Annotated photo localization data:
######

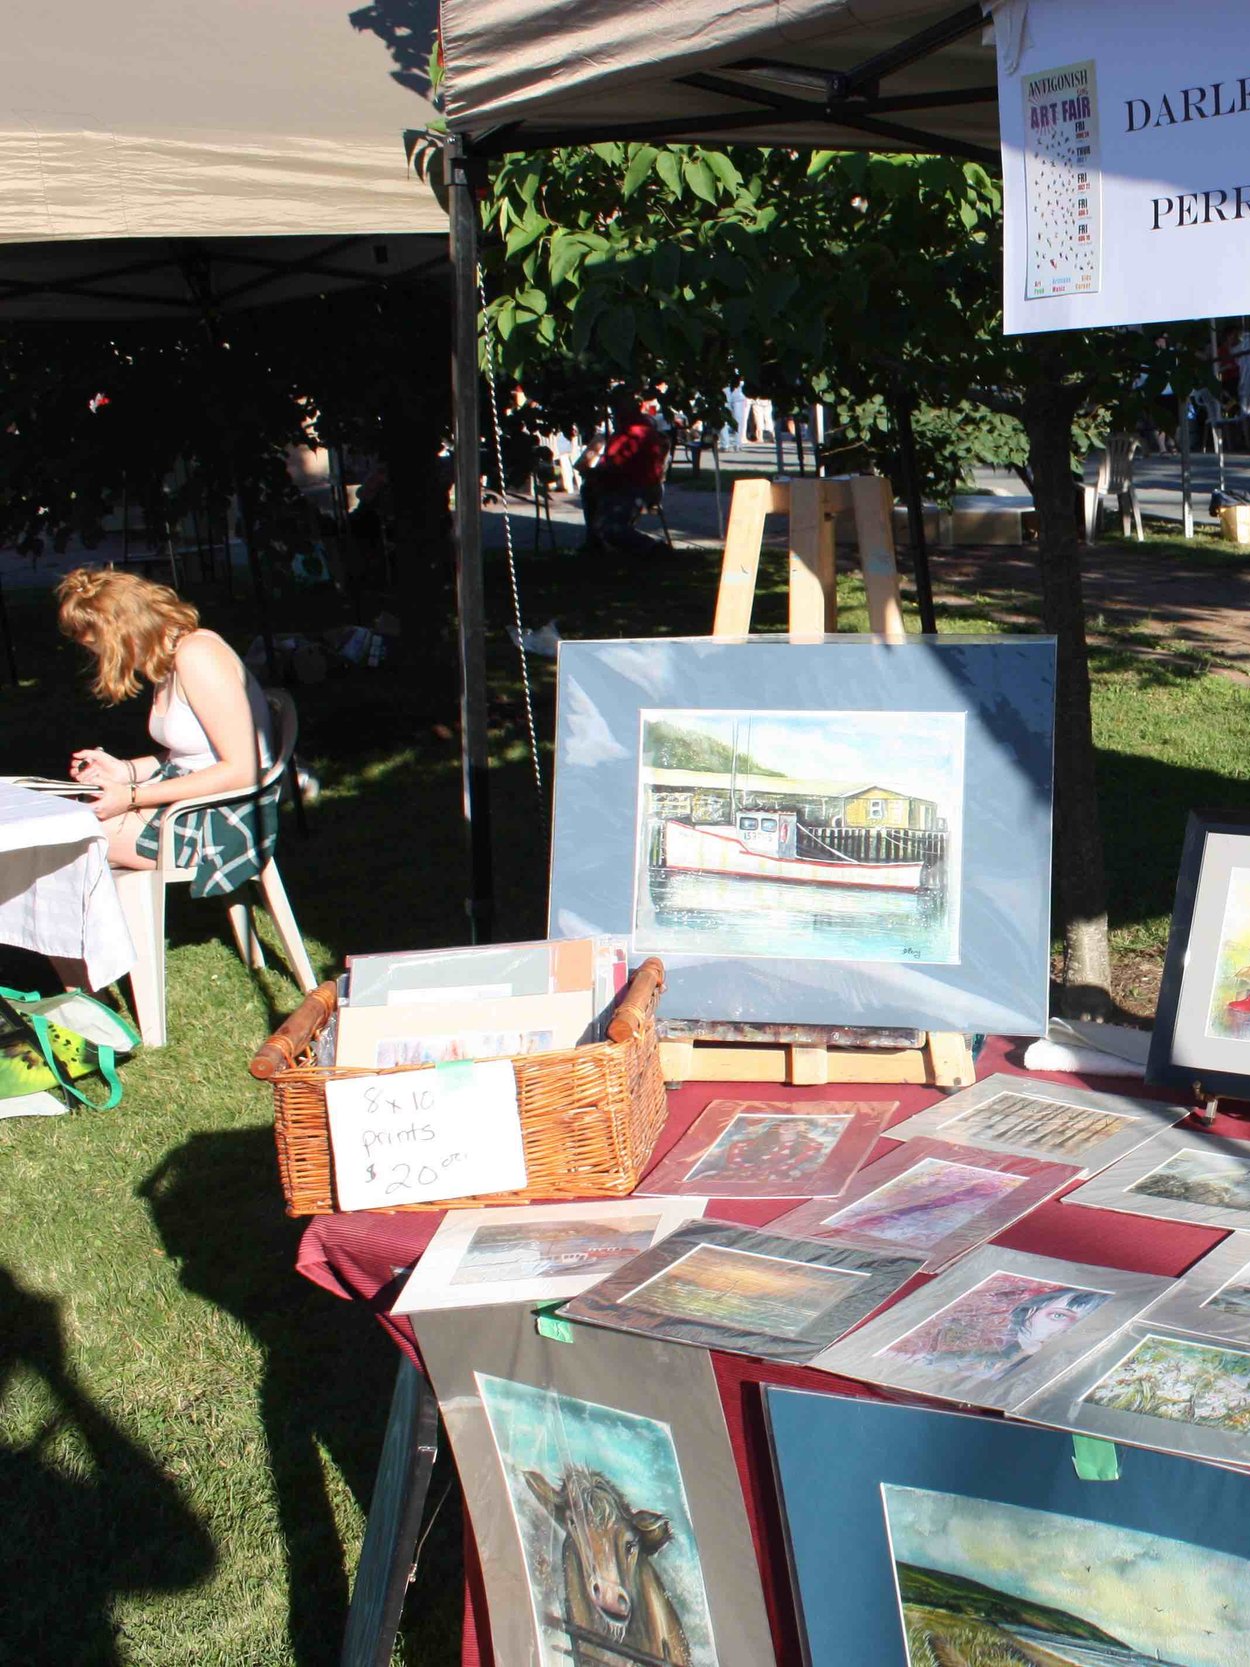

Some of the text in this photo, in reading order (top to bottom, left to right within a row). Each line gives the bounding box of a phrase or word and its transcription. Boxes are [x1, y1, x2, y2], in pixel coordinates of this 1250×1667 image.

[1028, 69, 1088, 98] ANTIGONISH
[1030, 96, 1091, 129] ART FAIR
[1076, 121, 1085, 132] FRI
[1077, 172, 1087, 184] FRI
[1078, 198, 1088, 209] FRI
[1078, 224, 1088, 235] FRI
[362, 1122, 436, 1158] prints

######

TASK OBJECTIVE:
Repeat every line above exactly, but omit all images.

RESPONSE BOX:
Some of the text in this photo, in reading order (top to bottom, left to right within a row). Each line gives the bounding box of a phrase or word and its transcription. Boxes are [x1, y1, x2, y2], in pixel coordinates of this 1250×1667 image.

[1028, 69, 1088, 98] ANTIGONISH
[1030, 96, 1091, 129] ART FAIR
[1076, 121, 1085, 132] FRI
[1077, 172, 1087, 184] FRI
[1078, 198, 1088, 209] FRI
[1078, 224, 1088, 235] FRI
[362, 1122, 436, 1158] prints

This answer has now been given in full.